Each and every line below goes into your answer unchanged, but leave out the images.

[[ Extracted records open ]]

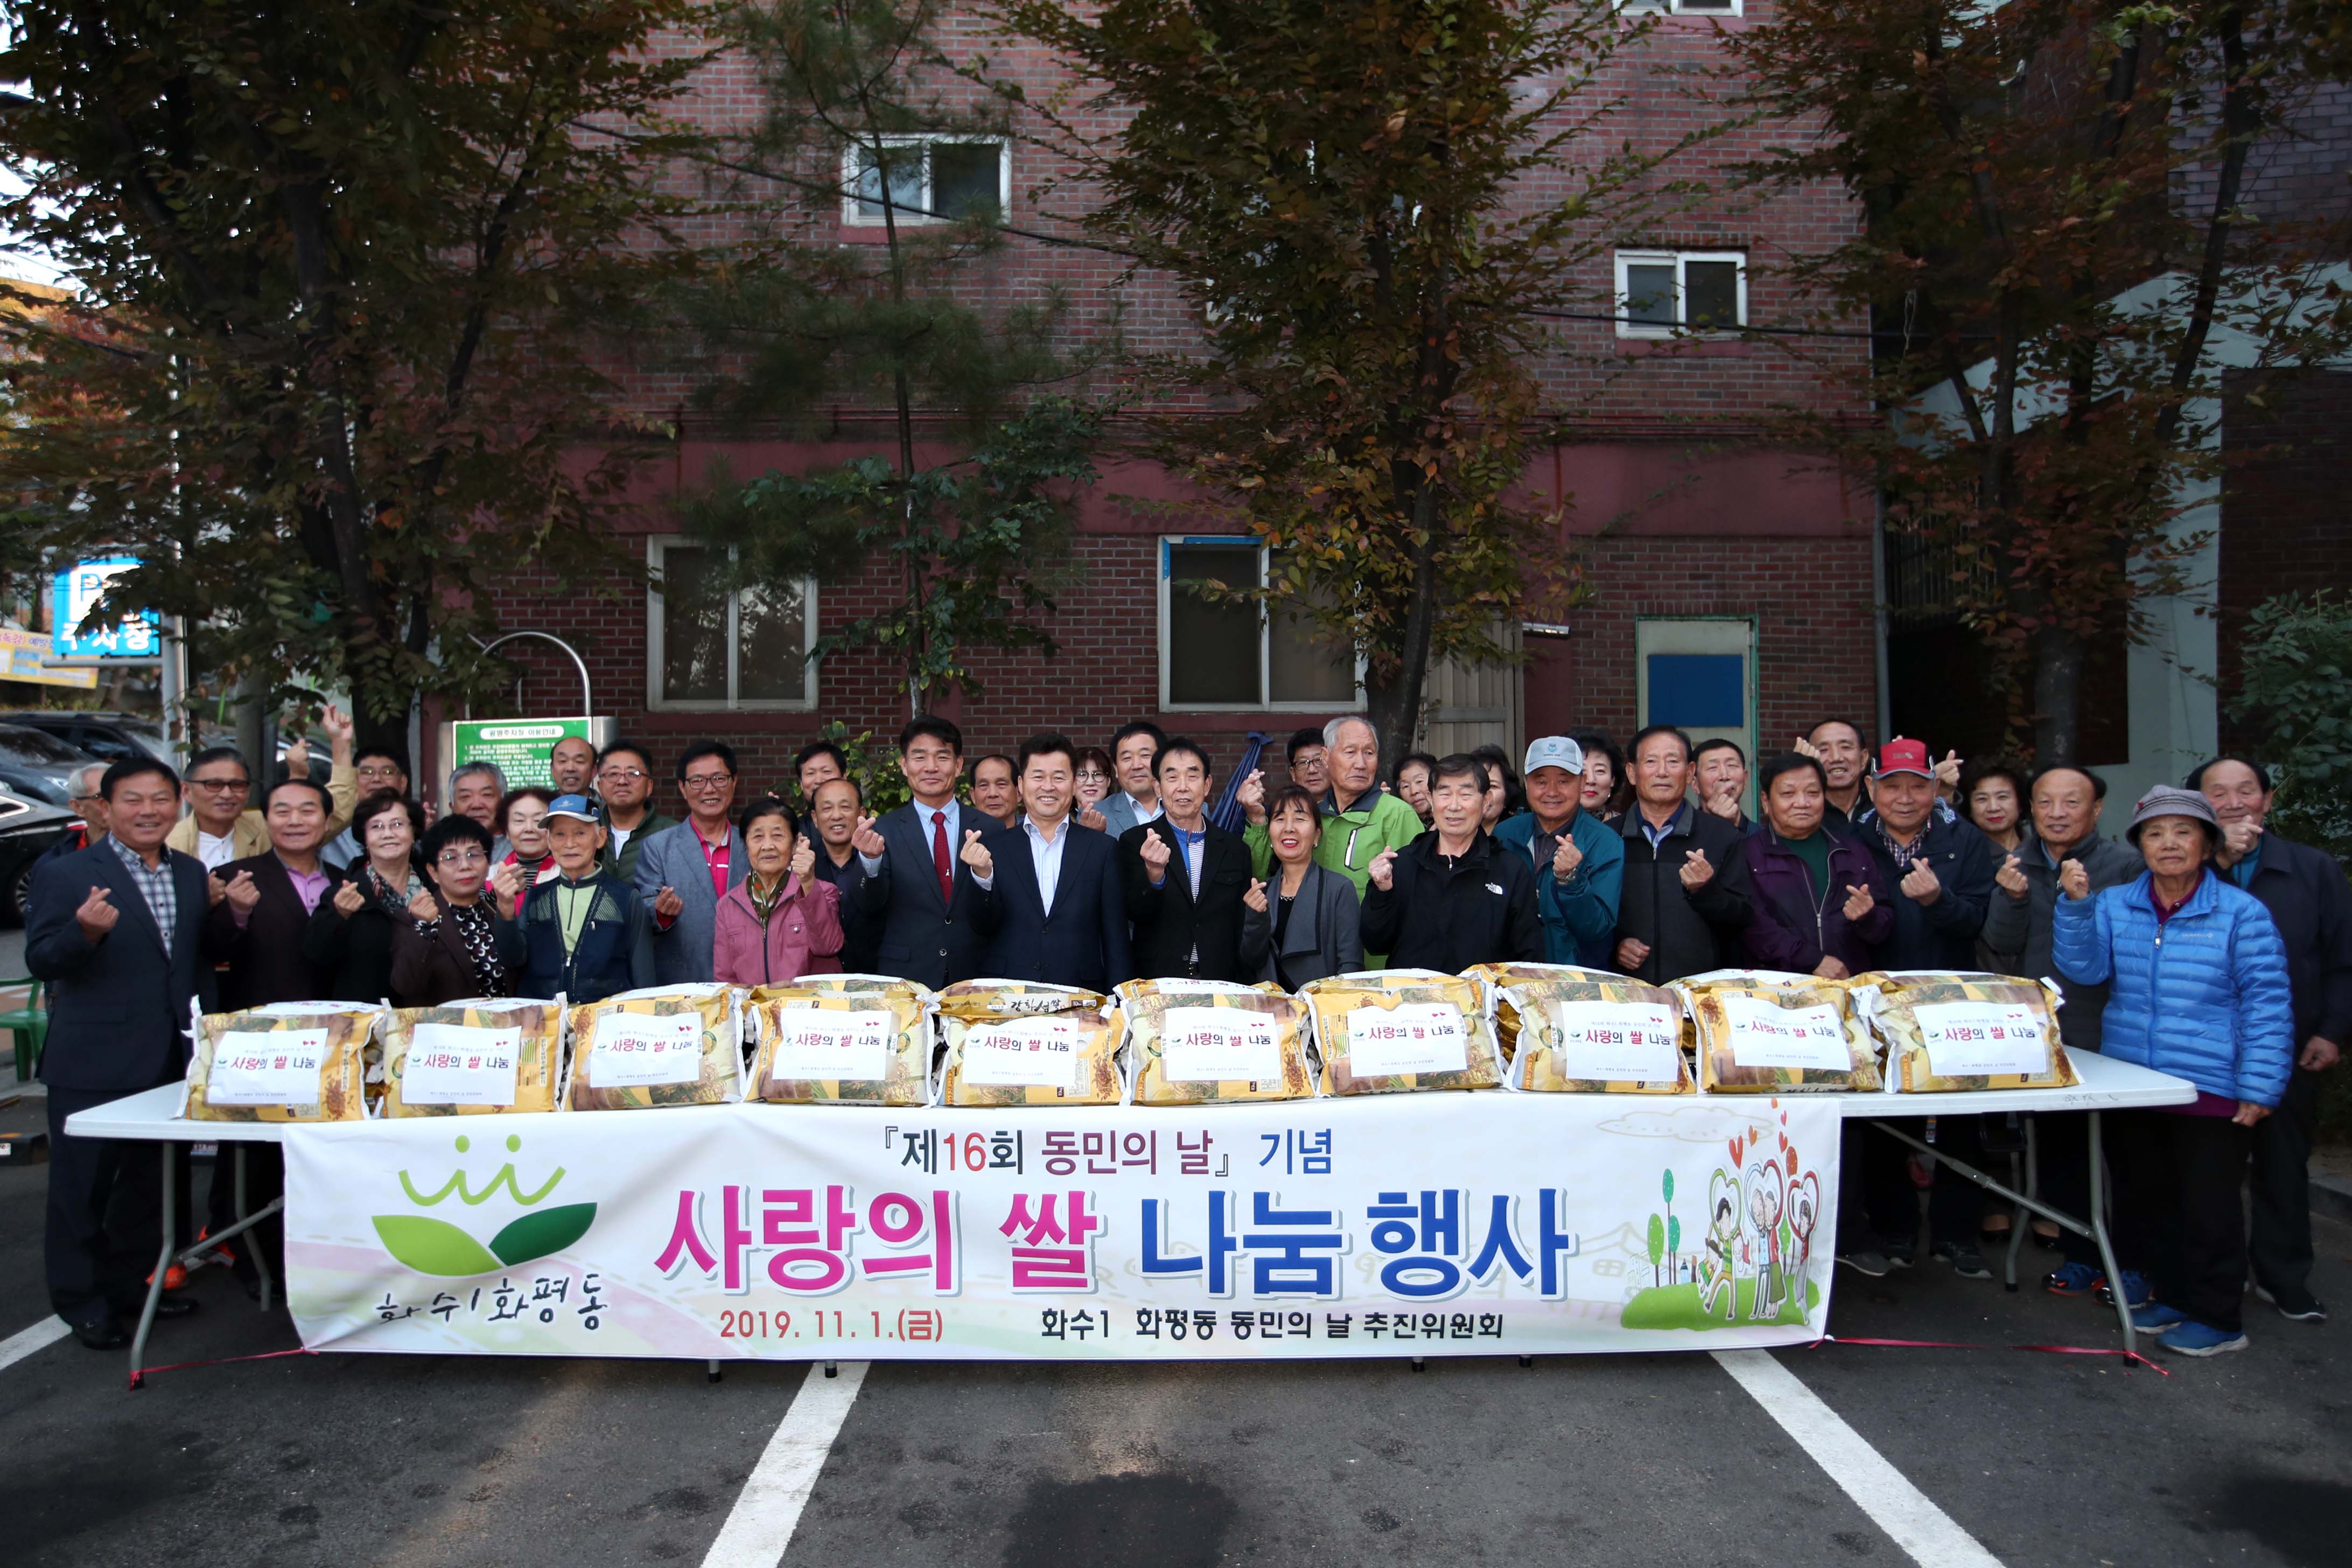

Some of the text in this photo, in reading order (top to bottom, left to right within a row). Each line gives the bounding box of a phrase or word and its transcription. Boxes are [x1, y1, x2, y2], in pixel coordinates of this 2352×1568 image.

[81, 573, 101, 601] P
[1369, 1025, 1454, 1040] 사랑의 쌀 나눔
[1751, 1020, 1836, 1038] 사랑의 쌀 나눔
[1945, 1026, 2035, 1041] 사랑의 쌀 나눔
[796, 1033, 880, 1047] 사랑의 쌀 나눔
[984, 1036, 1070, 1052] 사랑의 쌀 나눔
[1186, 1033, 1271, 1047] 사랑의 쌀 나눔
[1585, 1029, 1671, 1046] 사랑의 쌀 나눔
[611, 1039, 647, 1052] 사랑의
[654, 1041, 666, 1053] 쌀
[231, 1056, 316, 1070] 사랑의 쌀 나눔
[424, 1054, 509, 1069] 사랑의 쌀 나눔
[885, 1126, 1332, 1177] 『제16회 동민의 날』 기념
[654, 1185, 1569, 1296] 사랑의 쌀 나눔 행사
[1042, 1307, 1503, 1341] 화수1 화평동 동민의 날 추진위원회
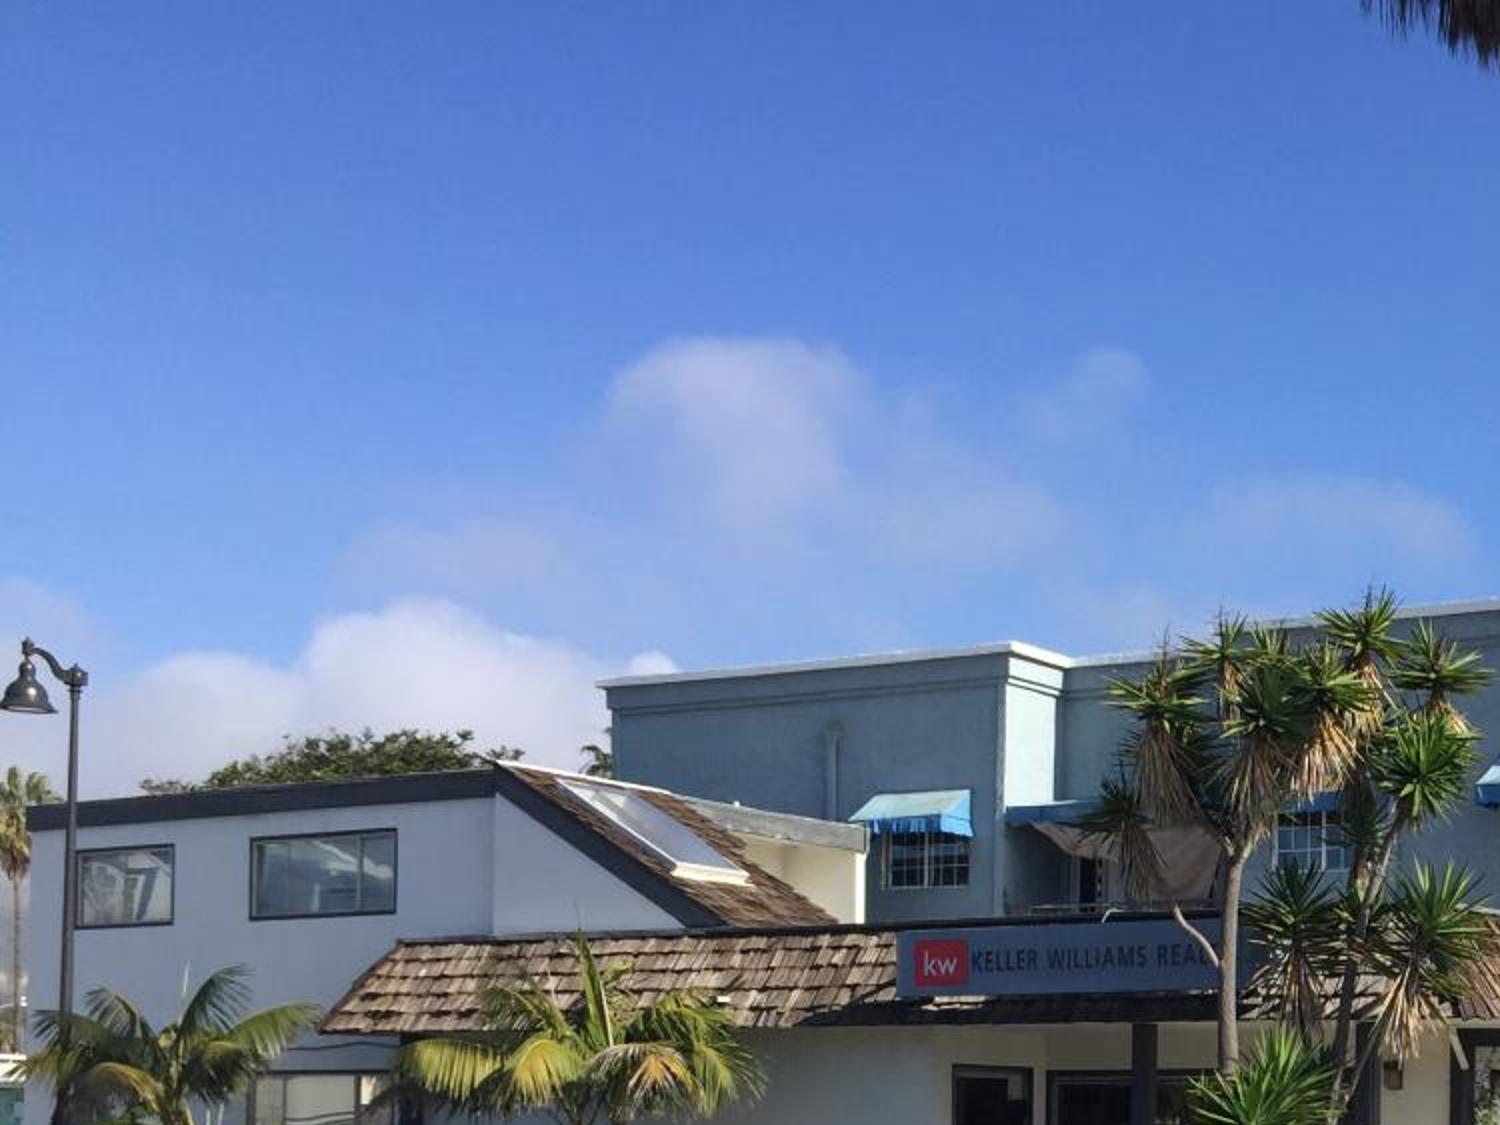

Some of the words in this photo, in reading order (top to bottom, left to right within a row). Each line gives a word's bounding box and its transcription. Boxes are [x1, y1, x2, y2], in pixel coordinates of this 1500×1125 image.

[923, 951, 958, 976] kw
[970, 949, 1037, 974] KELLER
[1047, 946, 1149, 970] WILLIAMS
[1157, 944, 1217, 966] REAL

[[ Extracted records closed ]]

__Written answer__
Some of the text in this photo, in reading order (top to bottom, left to right within a row). Each line gives the bounding box of a phrase or word and its transcription. Boxes are [x1, y1, x2, y2], in pixel coordinates of this 2352×1568 image.

[81, 573, 101, 601] P
[1369, 1025, 1454, 1040] 사랑의 쌀 나눔
[1751, 1020, 1836, 1038] 사랑의 쌀 나눔
[1945, 1026, 2035, 1041] 사랑의 쌀 나눔
[796, 1033, 880, 1047] 사랑의 쌀 나눔
[984, 1036, 1070, 1052] 사랑의 쌀 나눔
[1186, 1033, 1271, 1047] 사랑의 쌀 나눔
[1585, 1029, 1671, 1046] 사랑의 쌀 나눔
[611, 1039, 647, 1052] 사랑의
[654, 1041, 666, 1053] 쌀
[231, 1056, 316, 1070] 사랑의 쌀 나눔
[424, 1054, 509, 1069] 사랑의 쌀 나눔
[885, 1126, 1332, 1177] 『제16회 동민의 날』 기념
[654, 1185, 1569, 1296] 사랑의 쌀 나눔 행사
[1042, 1307, 1503, 1341] 화수1 화평동 동민의 날 추진위원회

Some of the words in this photo, in reading order (top to bottom, left to right within a row). Each line gives a word's bounding box and its transcription. Boxes are [x1, y1, x2, y2], in pixel coordinates of this 1500×1125 image.

[923, 951, 958, 976] kw
[970, 949, 1037, 974] KELLER
[1047, 946, 1149, 970] WILLIAMS
[1157, 944, 1217, 966] REAL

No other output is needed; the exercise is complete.